We saw this happen twentyish years ago with the migration from manual drafting to CAD (computer aided design).  Thinking back in your career, you can probably remember situations where you saw people and/or organizations resist change that would have benefited them.


So should we go ahead and adopt every new tool that looks like it might benefit us in some way?  Of course not–you don’t want to be a member of the flavor of the month club, endlessly hopping from one half baked innovation to the next.

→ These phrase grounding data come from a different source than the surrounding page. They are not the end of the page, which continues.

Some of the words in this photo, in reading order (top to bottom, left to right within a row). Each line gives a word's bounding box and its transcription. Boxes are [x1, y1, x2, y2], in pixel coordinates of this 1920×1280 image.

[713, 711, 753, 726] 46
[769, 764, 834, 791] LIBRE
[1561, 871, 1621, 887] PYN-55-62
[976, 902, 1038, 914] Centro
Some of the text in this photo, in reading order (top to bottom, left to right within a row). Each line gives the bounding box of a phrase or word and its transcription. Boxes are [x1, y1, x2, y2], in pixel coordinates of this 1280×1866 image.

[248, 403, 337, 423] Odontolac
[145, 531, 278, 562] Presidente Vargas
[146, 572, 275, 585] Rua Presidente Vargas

You still need to perform due diligence to ensure that a tool is truly going to benefit you.  Once you have performed due diligence, however, don’t let tool inertia bind you forever to the devil that you know!

Dean Whitford, B.Comm.
Chief Operating Officer

See You On The Internets!

Wednesday, December 2nd, 2009

Today’s headline is courtesy of a real estate agent’s advertisement on my favorite radio station, SONiC 102.9 FM Edmonton.  The agent diligently repeats their web site address a couple of times and invites us all to visit and see their listed properties.  Being ‘detail oriented’, it makes me a little crazy every time I hear the ad and have to listen to the cheery closing line ‘See you on the Internets!’.  There is, of course, only one Internet…not a whole bunch.  And, yes, I am well aware there is a less polite way of describing those who are detail oriented…but I am trying to keep this blog family friendly so won’t be using ‘that’ word.

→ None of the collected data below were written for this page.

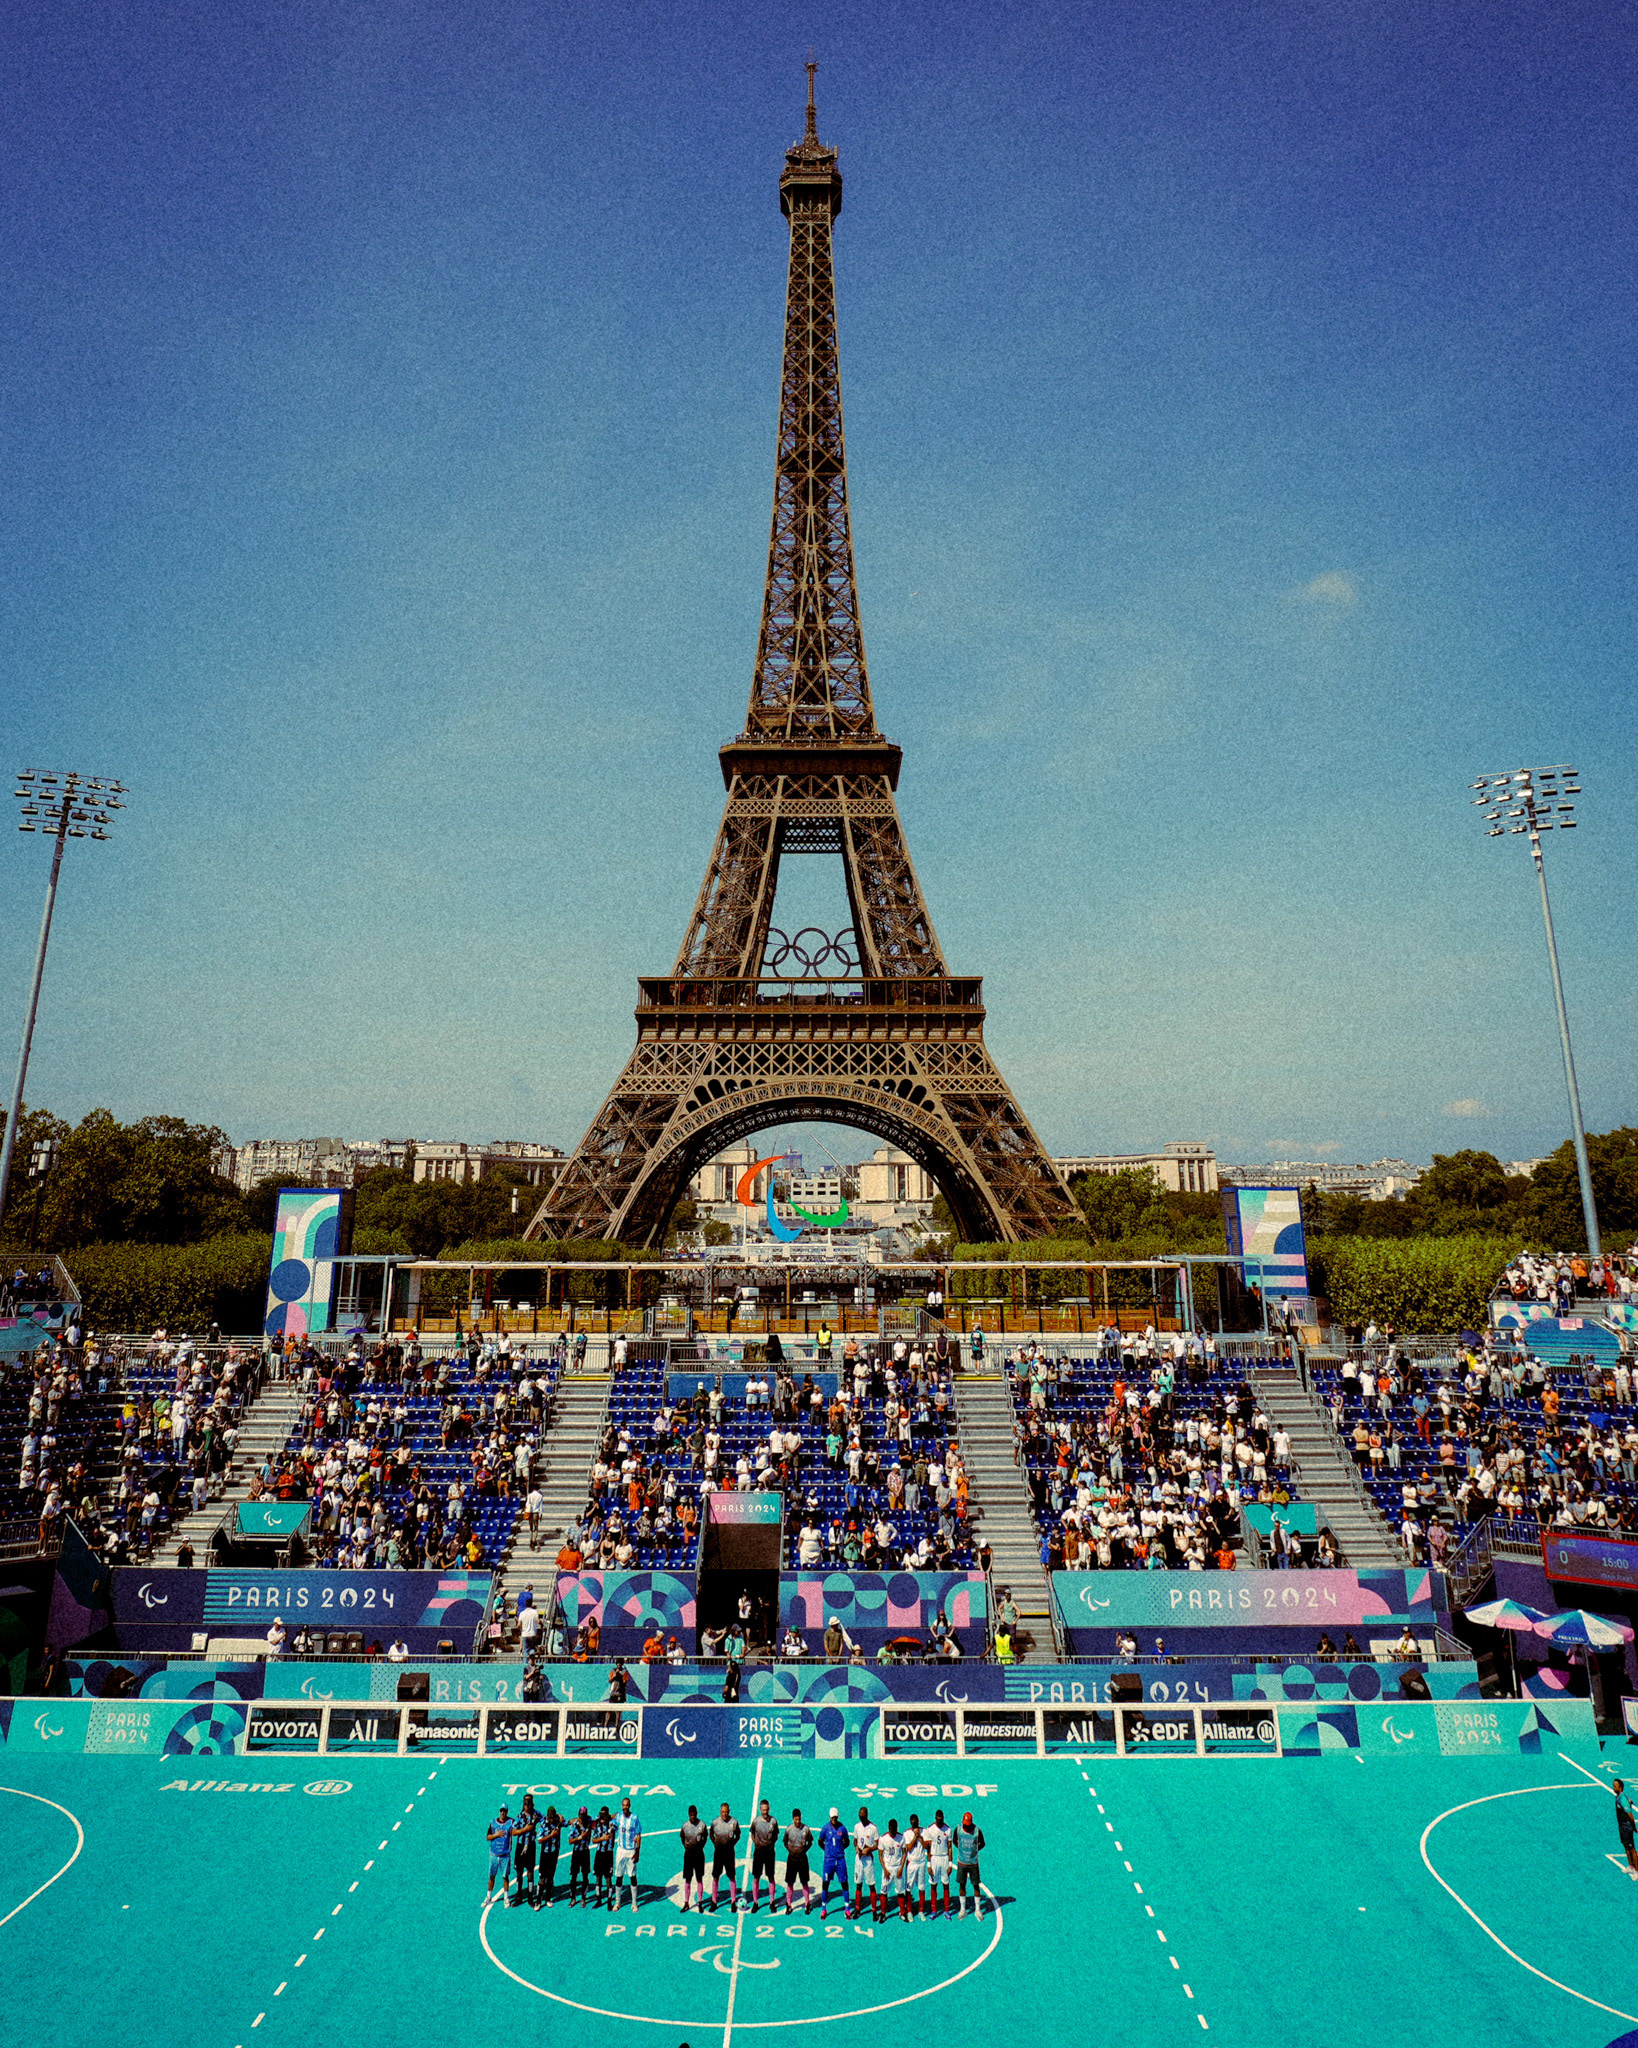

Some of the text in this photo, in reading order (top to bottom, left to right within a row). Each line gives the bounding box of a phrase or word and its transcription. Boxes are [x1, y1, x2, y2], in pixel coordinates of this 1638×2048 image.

[748, 1504, 776, 1513] 2024
[1560, 1550, 1568, 1564] 0
[1602, 1557, 1630, 1570] 15:00
[321, 1588, 394, 1608] 2024
[1263, 1587, 1337, 1607] 2024
[1150, 1681, 1209, 1702] 024
[104, 1729, 148, 1743] 2024
[251, 1721, 318, 1738] TOYOTA
[407, 1723, 479, 1739] Panasonic
[565, 1723, 617, 1740] Allianz
[886, 1725, 955, 1741] TOYOTA
[1203, 1723, 1255, 1740] Allianz
[1456, 1730, 1502, 1744] 2024
[739, 1733, 783, 1748] 2024
[158, 1780, 296, 1792] Allianz
[501, 1784, 676, 1796] TOYOTA
[755, 1925, 875, 1938] 2024

So am I writing today to pick on poor real estate agents and radio ad copy writers that accidentally pluralize ‘Internet’?  Nope, I am writing today because each time I hear the  advertisement it reminds me that not everybody on the planet is ‘in’ the information technology business.  This is important to remember for everyone involved in making or changing applications in any way:  project managers, software architects, developers, quality assurance staff, documentation writers, and technical support staff.

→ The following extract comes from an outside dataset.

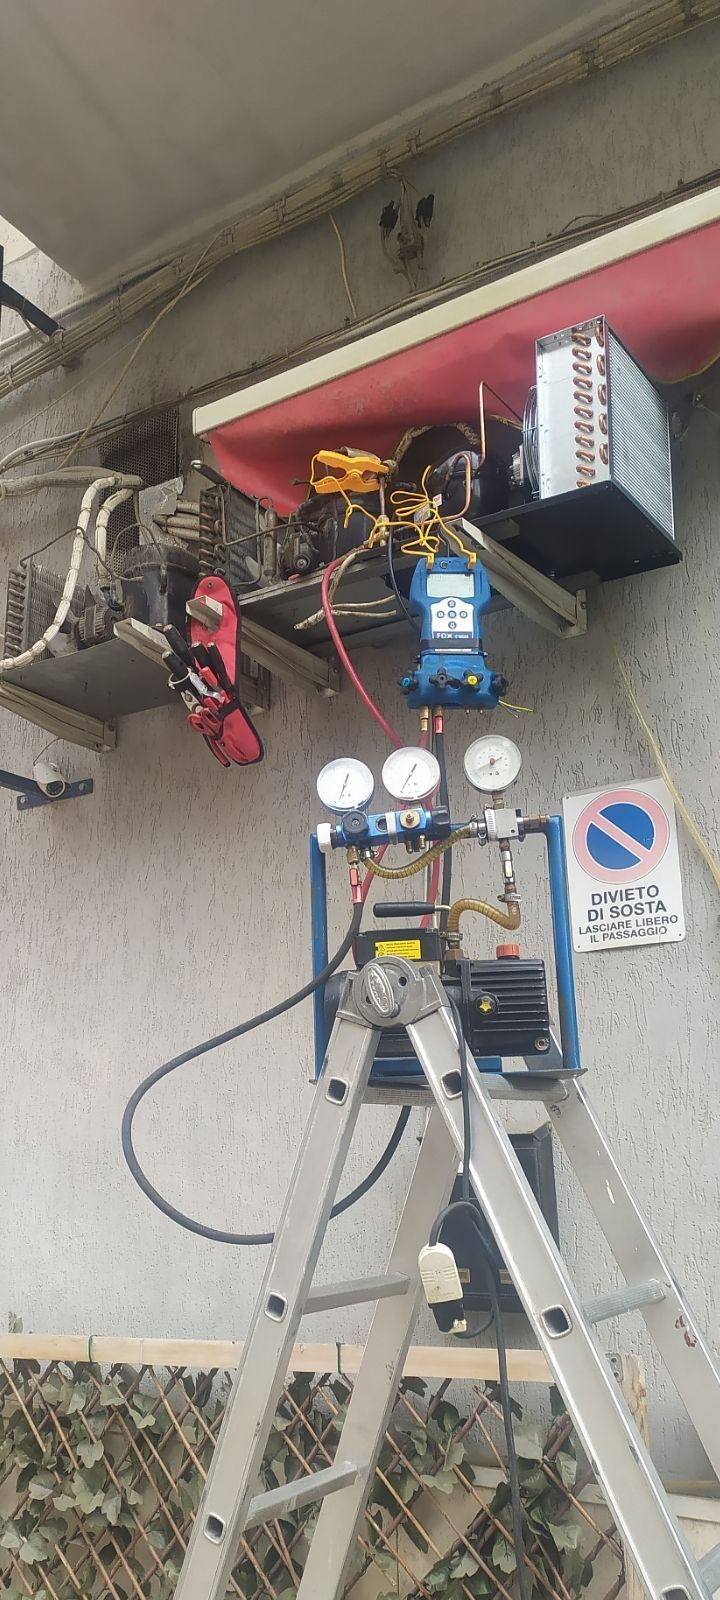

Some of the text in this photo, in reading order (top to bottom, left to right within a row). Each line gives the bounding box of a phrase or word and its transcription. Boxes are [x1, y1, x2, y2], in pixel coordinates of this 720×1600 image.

[591, 885, 659, 906] DIVIETO
[587, 900, 667, 922] DI SOSTA
[579, 915, 678, 935] LASCIARE LIBERO
[590, 926, 667, 943] IL PASSAGGIO

You can design and build the most fantastic application in terms of functionality and rock solid quality.  Without being usable by the intended audience, however, such an application is just as doomed to fail as one that is sparse in features and bug-ridden.


How can you ensure usability?  First, it is important to understand that usability does have some core characteristics that apply across the vast majority of user audiences.  These are such things as following Windows conventions for the placement of menus, buttons, button names, button actions, etc.  In this regard, it is very important to NOT reinvent the wheel, i.e. stick with what is out there in common use.  Folks will thus have a head start on understanding how to run your application.

Second, usability beyond those core elements does change from user type to user type.  An application to help developers find memory leaks should thus have a user interface that differs materially from a bank teller application.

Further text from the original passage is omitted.